Create meaning from both great joy and great loss

I was selling my novel, The Book of Sins, at the Call to Action conference several weeks ago when a woman came over and asked in a hushed voice, “is your book all about Jesus?” She was slight, gray-haired and kept looking over her shoulder as if to make sure no one was listening. Her name tag said she was a member of a religious community. I can’t remember the state she was from or her name. She bent in and whispered, “I don’t do much with Jesus anymore. My spirituality is very different now.”

Even in hushed tones though, she was quite adamant that she’d had it with Jesus.

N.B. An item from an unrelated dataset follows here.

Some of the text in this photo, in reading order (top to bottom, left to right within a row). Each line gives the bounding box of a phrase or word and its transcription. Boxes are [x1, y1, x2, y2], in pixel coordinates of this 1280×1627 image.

I explained the novel was not about Jesus per se but about capitalism’s buy-out of Christianity, although yes, Matthew’s Gospel plays a supporting role for a group of women surviving Christianity’s collapse.
Her own struggle for inner freedom was too delicate even for that. She needed more time for her emerging spirituality to solidify, to anchor in her. She raised her open palms as if to ward off an intruder and graciously said no, her faith was taking her elsewhere. And she left, as quietly as she had come, an odd mixture of freedom and fear wrapped around her.

Fourth Sunday of Advent
2 Samuel 7: 1-5, 8b-12, 14a, 16

Psalm 89:2-3, 4-5, 27, 29

Romans 16:25-27

Luke 1:26-38

Full text of the readings

I wanted to stop her, hold her face in my hands and say, “Go for it. Give birth to something wonderful, transforming, life giving. Take your time, but go for it. It’s God.” But of course I didn’t, afraid it might seem an aggressive sales tactic. Still, I wish I’d asked where she was journeying from and toward and what set her on her way at this moment in her life.

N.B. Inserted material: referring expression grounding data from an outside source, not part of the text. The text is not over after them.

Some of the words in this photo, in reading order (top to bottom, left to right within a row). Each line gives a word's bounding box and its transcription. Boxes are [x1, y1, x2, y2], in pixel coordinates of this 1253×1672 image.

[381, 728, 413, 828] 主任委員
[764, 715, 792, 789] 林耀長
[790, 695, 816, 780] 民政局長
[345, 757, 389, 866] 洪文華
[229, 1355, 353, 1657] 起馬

Now I realize this nameless woman has become for me the face of Elizabeth in Luke’s Gospel. In equal parts apprehensive and expectant, fretful and determined, both are older women receiving good news of new birth. In the nameless woman’s eyes I see Elizabeth’s confusion, the fear of something new and unexplainable. Something perhaps better kept hidden. Something that might embarrass others in its departure from the norm. Older women don’t give birth. Oh yea?

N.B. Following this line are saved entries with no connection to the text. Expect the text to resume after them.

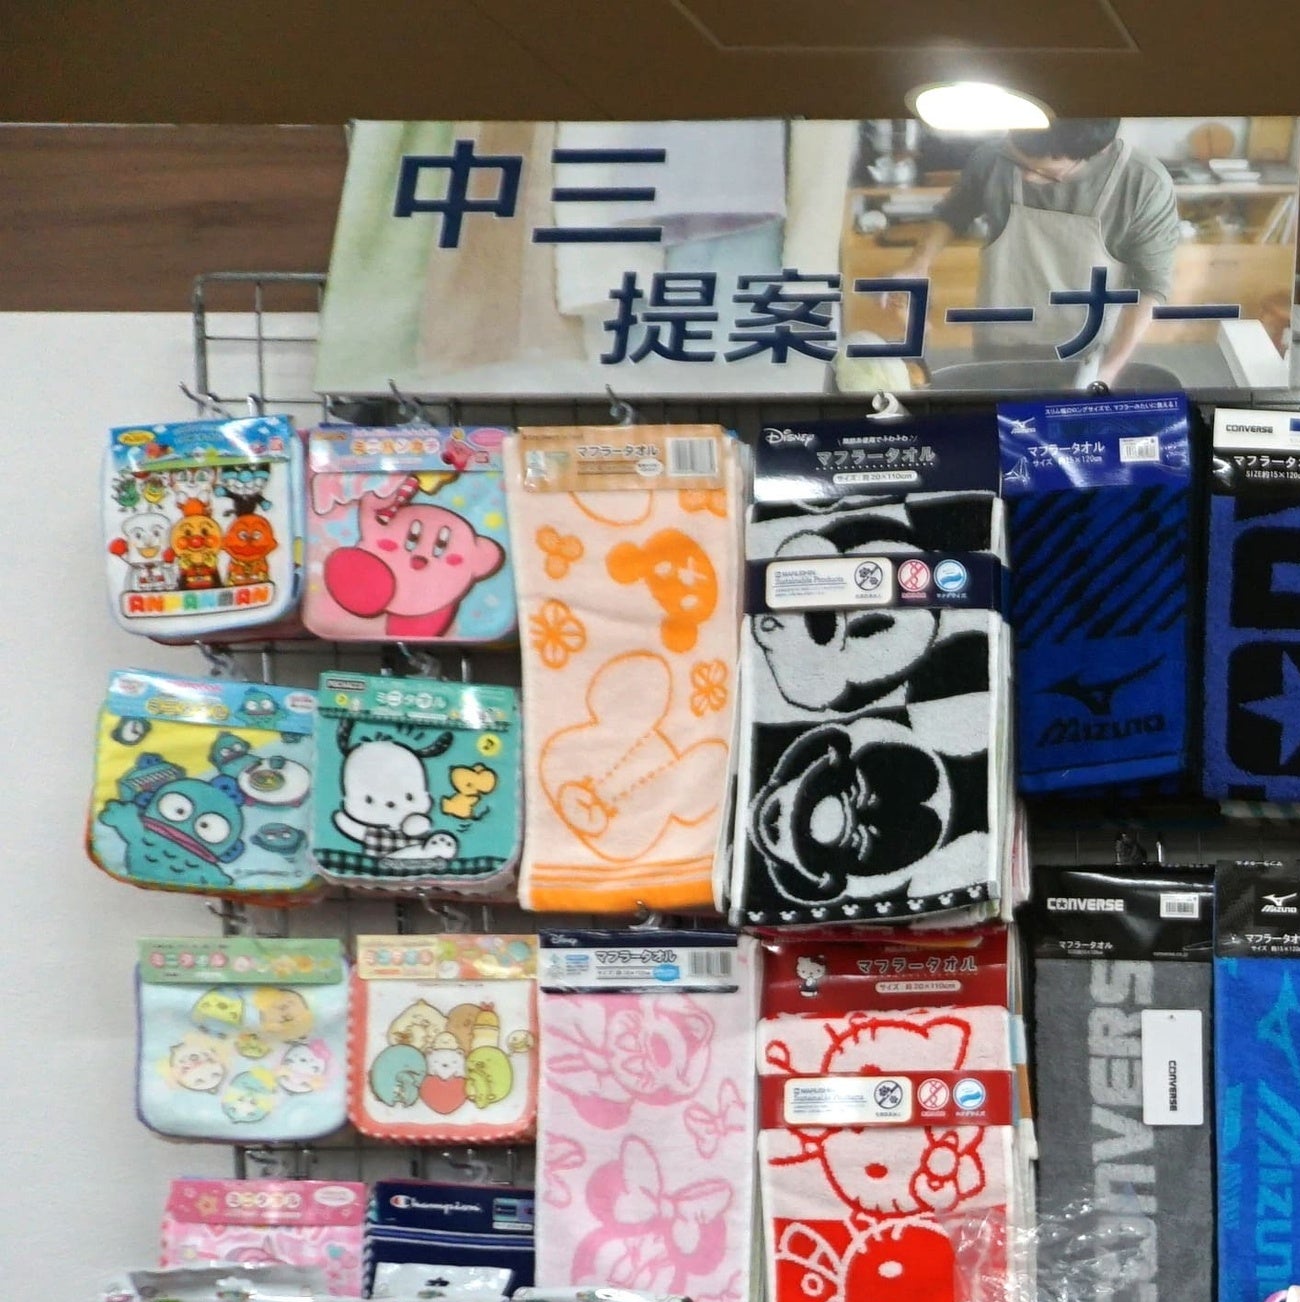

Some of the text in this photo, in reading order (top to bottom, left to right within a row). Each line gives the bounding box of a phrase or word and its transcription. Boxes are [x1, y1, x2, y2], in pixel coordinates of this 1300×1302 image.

[392, 140, 665, 249] 中三
[601, 268, 1240, 365] 提案コーナー
[1226, 425, 1273, 434] CONVERSE
[577, 444, 658, 457] マフラータオル
[816, 446, 935, 466] マフラータオル
[1027, 442, 1105, 456] マフラータオル
[1046, 898, 1123, 911] CONVERSE
[595, 950, 677, 963] マフラータオル
[857, 956, 977, 972] マフラータオル
[1168, 1060, 1178, 1112] CONVERSE
[389, 1194, 481, 1214] Champion

It is one of the best things older women do. Have you experienced this? The way older women can bring forth new life in themselves as well as others? Create meaning from both great joy and great loss? Make sense of mystery and birth the depths of belief? I suspect Elizabeth had a much easier time with the news of her pregnancy than Mary did with her own. The younger woman may well have feared her handlers more than God. As Holly Near says in her song, 1000 Grandmothers, “An old woman holds a powerful force when she no longer needs to please.” That force is freedom, holy wisdom, creativity, the freedom to birth.

I figure Elizabeth realized she was pregnant, knew it wasn’t because of Zacharias and decided to wait the great God out until the future revealed itself. Zacharias must have realized Elizabeth’s pregnancy was a physical impossibility and thus, not due to another man. I suspect he decided to let well enough alone and keep an eye on developments from afar.

The woman who spoke to me in hushed tones is also waiting the great God out, taking care to do nothing that would imperil the birth. If you read this sister, know that you are far along, it is near time for delivery. The signs are in your eyes and your voice and the emerging ownership that slips out now and then between your fears. Advent is near complete. Your time is due.